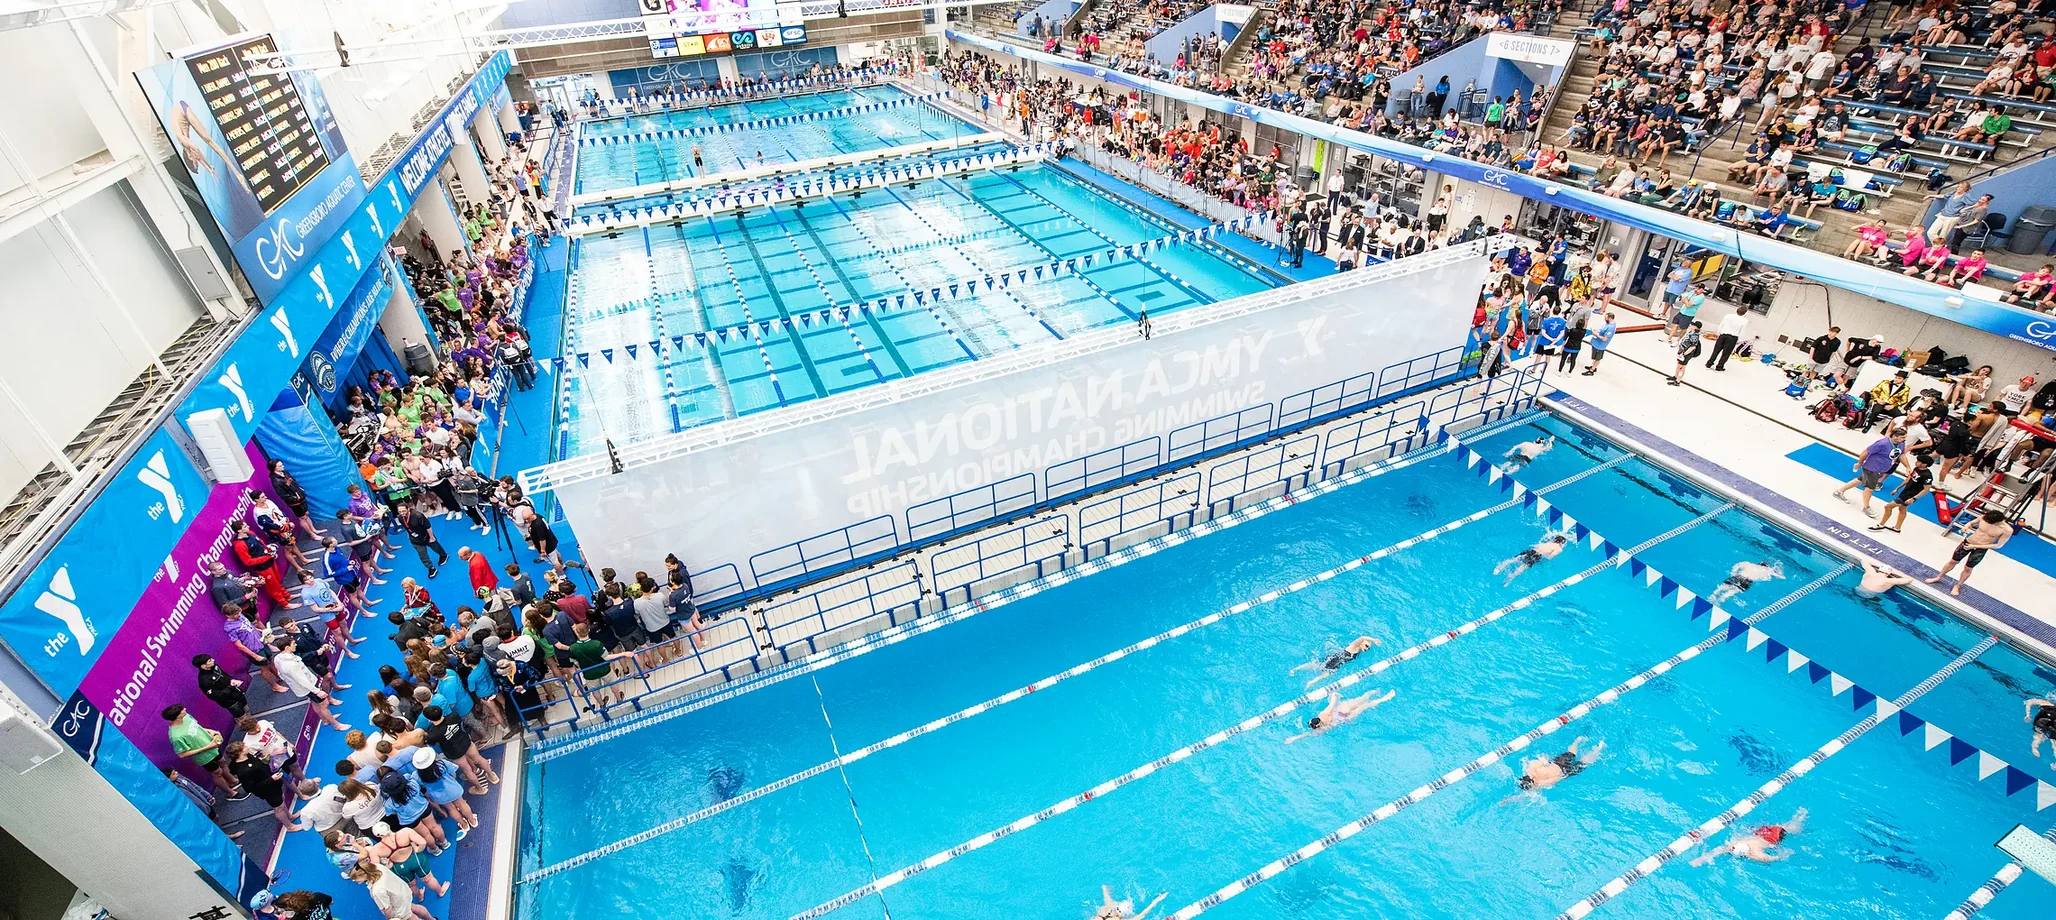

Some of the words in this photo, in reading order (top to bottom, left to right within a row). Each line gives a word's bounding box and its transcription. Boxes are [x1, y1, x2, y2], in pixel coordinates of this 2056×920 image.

[1511, 41, 1548, 55] SECTIONS
[398, 147, 432, 196] WELCOME
[1484, 170, 1508, 185] GAC
[296, 202, 328, 239] GREENSBORO
[325, 186, 345, 212] AQUATIC
[340, 174, 356, 198] CENTER
[256, 218, 304, 280] GAC
[270, 306, 299, 359] Y
[330, 333, 349, 362] WHERE
[344, 303, 368, 342] CHAMPIONS
[2008, 333, 2044, 348] GREENSBORO
[218, 364, 254, 424] Y
[227, 403, 240, 418] the
[2010, 392, 2027, 400] YORK
[137, 450, 184, 524] Y
[148, 500, 165, 521] the
[153, 567, 166, 584] the
[34, 566, 95, 657] Y
[146, 572, 206, 659] Swimming
[43, 631, 70, 658] the
[63, 700, 90, 737] GAC
[303, 724, 311, 742] 6th
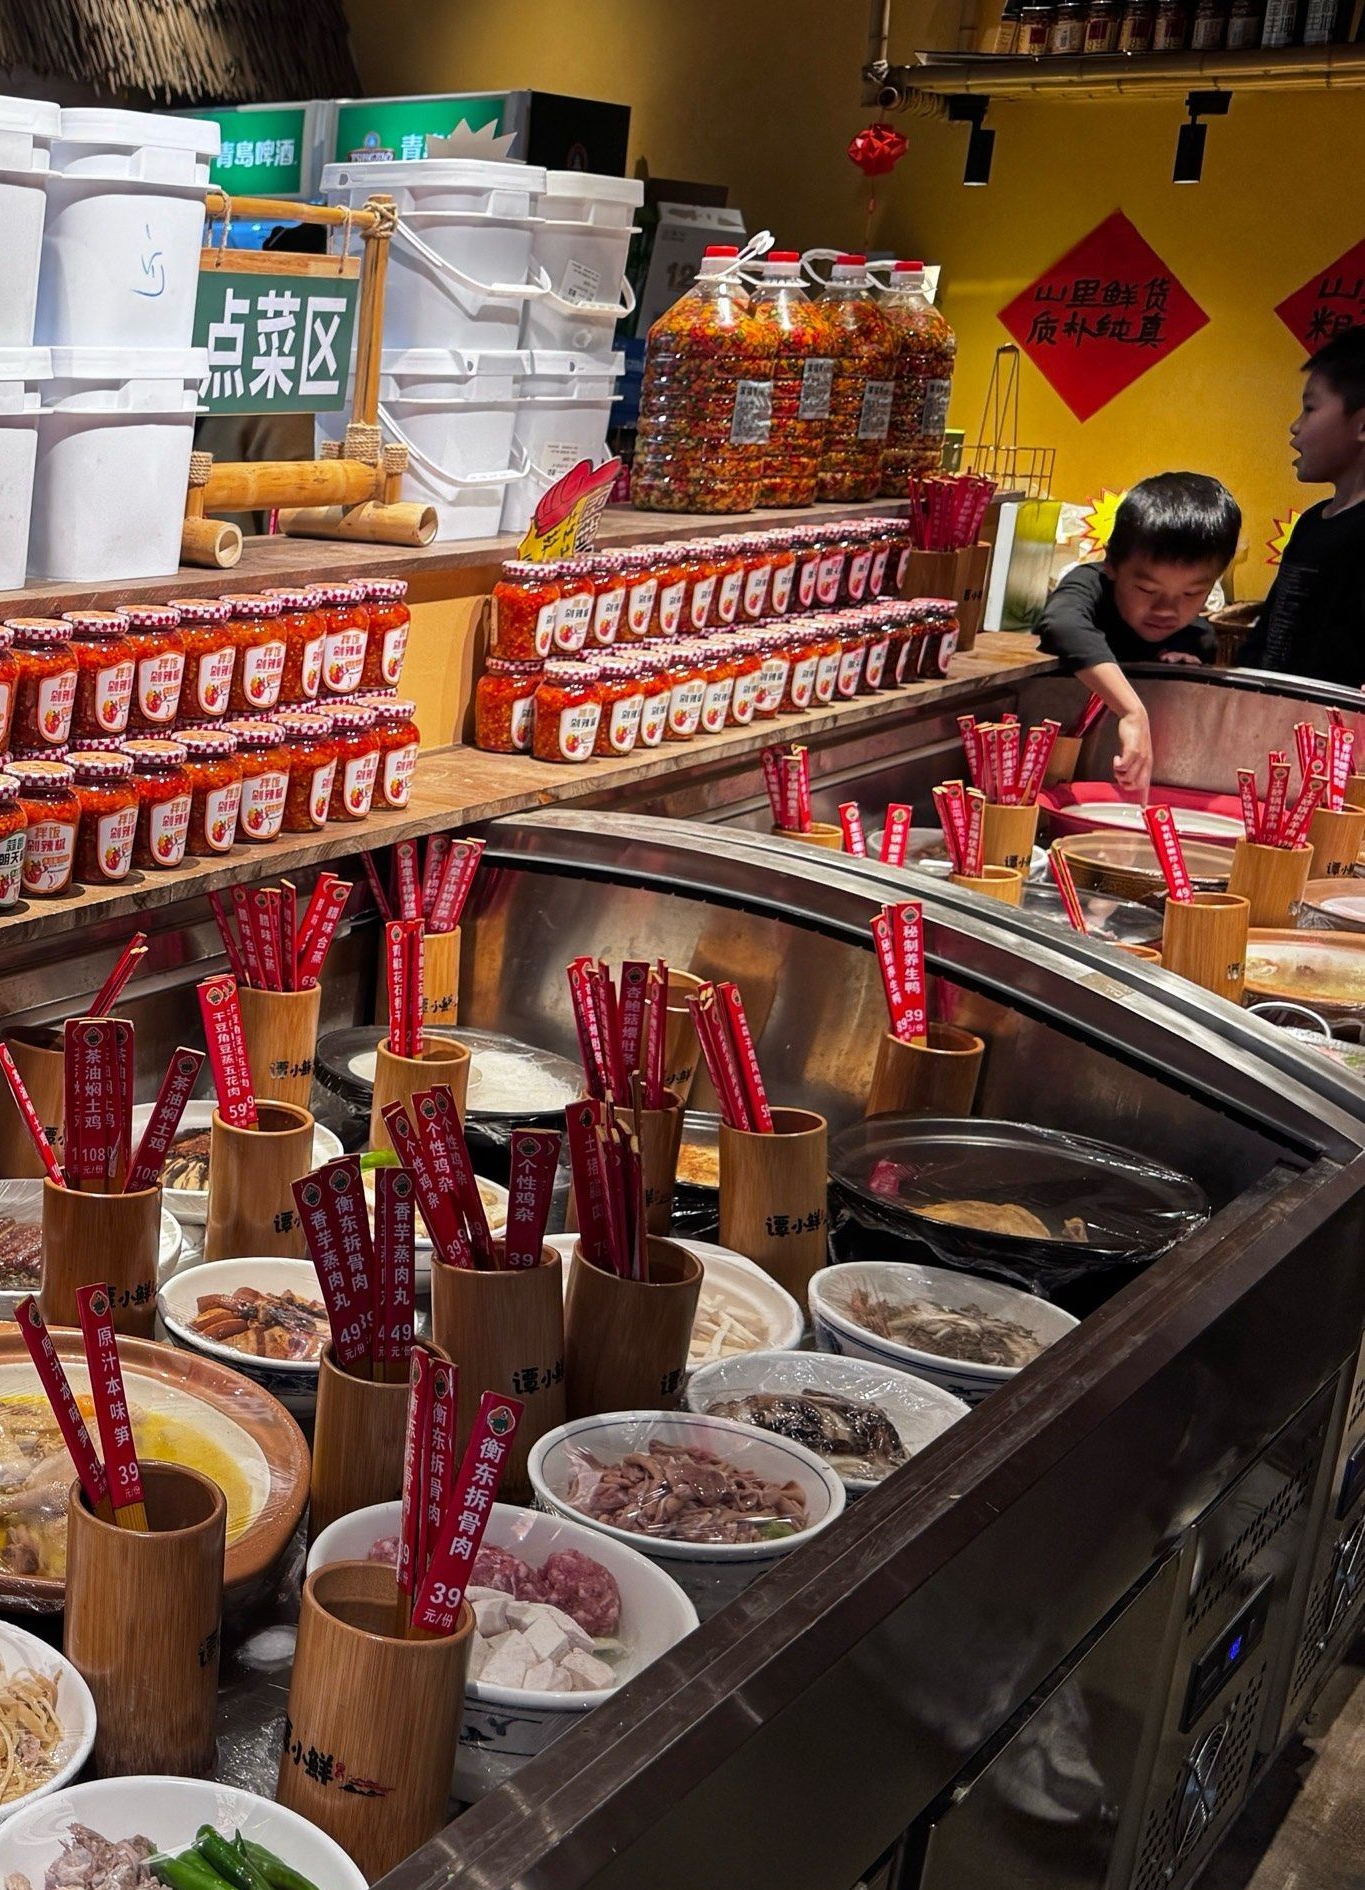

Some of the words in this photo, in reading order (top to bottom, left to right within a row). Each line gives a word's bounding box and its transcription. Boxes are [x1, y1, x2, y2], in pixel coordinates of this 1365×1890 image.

[1035, 277, 1170, 312] 山里鲜货
[203, 289, 346, 399] 点菜区
[1026, 311, 1168, 348] 质朴纯真
[27, 838, 65, 851] 剁辣椒
[35, 826, 61, 839] 拌饭
[302, 976, 316, 986] 69
[85, 1049, 101, 1129] 茶油焖土鸡
[148, 1076, 189, 1152] 茶油焖土鸡
[83, 1148, 105, 1161] 108
[426, 1121, 454, 1193] 个性鸡杂
[516, 1158, 537, 1222] 个性鸡杂
[310, 1211, 351, 1311] 香芋蒸肉丸
[335, 1196, 369, 1292] 衡东拆骨肉
[394, 1202, 410, 1306] 香芋蒸肉丸
[509, 1253, 534, 1267] 39
[340, 1324, 361, 1344] 49
[391, 1324, 411, 1341] 49
[97, 1326, 129, 1448] 原汁本味笋
[119, 1463, 139, 1485] 39
[449, 1437, 506, 1561] 衡东拆骨肉
[429, 1582, 462, 1608] 39
[423, 1608, 454, 1628] 元/份
····················
> _WHAT THE TASK REQUIRES_: Only the pictures are to be left out; the rest of the material above should be printed verbatim.

> _RESPONSE_:
Some of the words in this photo, in reading order (top to bottom, left to right within a row). Each line gives a word's bounding box and its transcription. Boxes are [x1, y1, x2, y2], in pixel coordinates of this 2056×920 image.

[1511, 41, 1548, 55] SECTIONS
[398, 147, 432, 196] WELCOME
[1484, 170, 1508, 185] GAC
[296, 202, 328, 239] GREENSBORO
[325, 186, 345, 212] AQUATIC
[340, 174, 356, 198] CENTER
[256, 218, 304, 280] GAC
[270, 306, 299, 359] Y
[330, 333, 349, 362] WHERE
[344, 303, 368, 342] CHAMPIONS
[2008, 333, 2044, 348] GREENSBORO
[218, 364, 254, 424] Y
[227, 403, 240, 418] the
[2010, 392, 2027, 400] YORK
[137, 450, 184, 524] Y
[148, 500, 165, 521] the
[153, 567, 166, 584] the
[34, 566, 95, 657] Y
[146, 572, 206, 659] Swimming
[43, 631, 70, 658] the
[63, 700, 90, 737] GAC
[303, 724, 311, 742] 6th

Some of the words in this photo, in reading order (top to bottom, left to right within a row). Each line gives a word's bounding box and its transcription. Boxes are [x1, y1, x2, y2], in pixel coordinates of this 1365×1890 image.

[1035, 277, 1170, 312] 山里鲜货
[203, 289, 346, 399] 点菜区
[1026, 311, 1168, 348] 质朴纯真
[27, 838, 65, 851] 剁辣椒
[35, 826, 61, 839] 拌饭
[302, 976, 316, 986] 69
[85, 1049, 101, 1129] 茶油焖土鸡
[148, 1076, 189, 1152] 茶油焖土鸡
[83, 1148, 105, 1161] 108
[426, 1121, 454, 1193] 个性鸡杂
[516, 1158, 537, 1222] 个性鸡杂
[310, 1211, 351, 1311] 香芋蒸肉丸
[335, 1196, 369, 1292] 衡东拆骨肉
[394, 1202, 410, 1306] 香芋蒸肉丸
[509, 1253, 534, 1267] 39
[340, 1324, 361, 1344] 49
[391, 1324, 411, 1341] 49
[97, 1326, 129, 1448] 原汁本味笋
[119, 1463, 139, 1485] 39
[449, 1437, 506, 1561] 衡东拆骨肉
[429, 1582, 462, 1608] 39
[423, 1608, 454, 1628] 元/份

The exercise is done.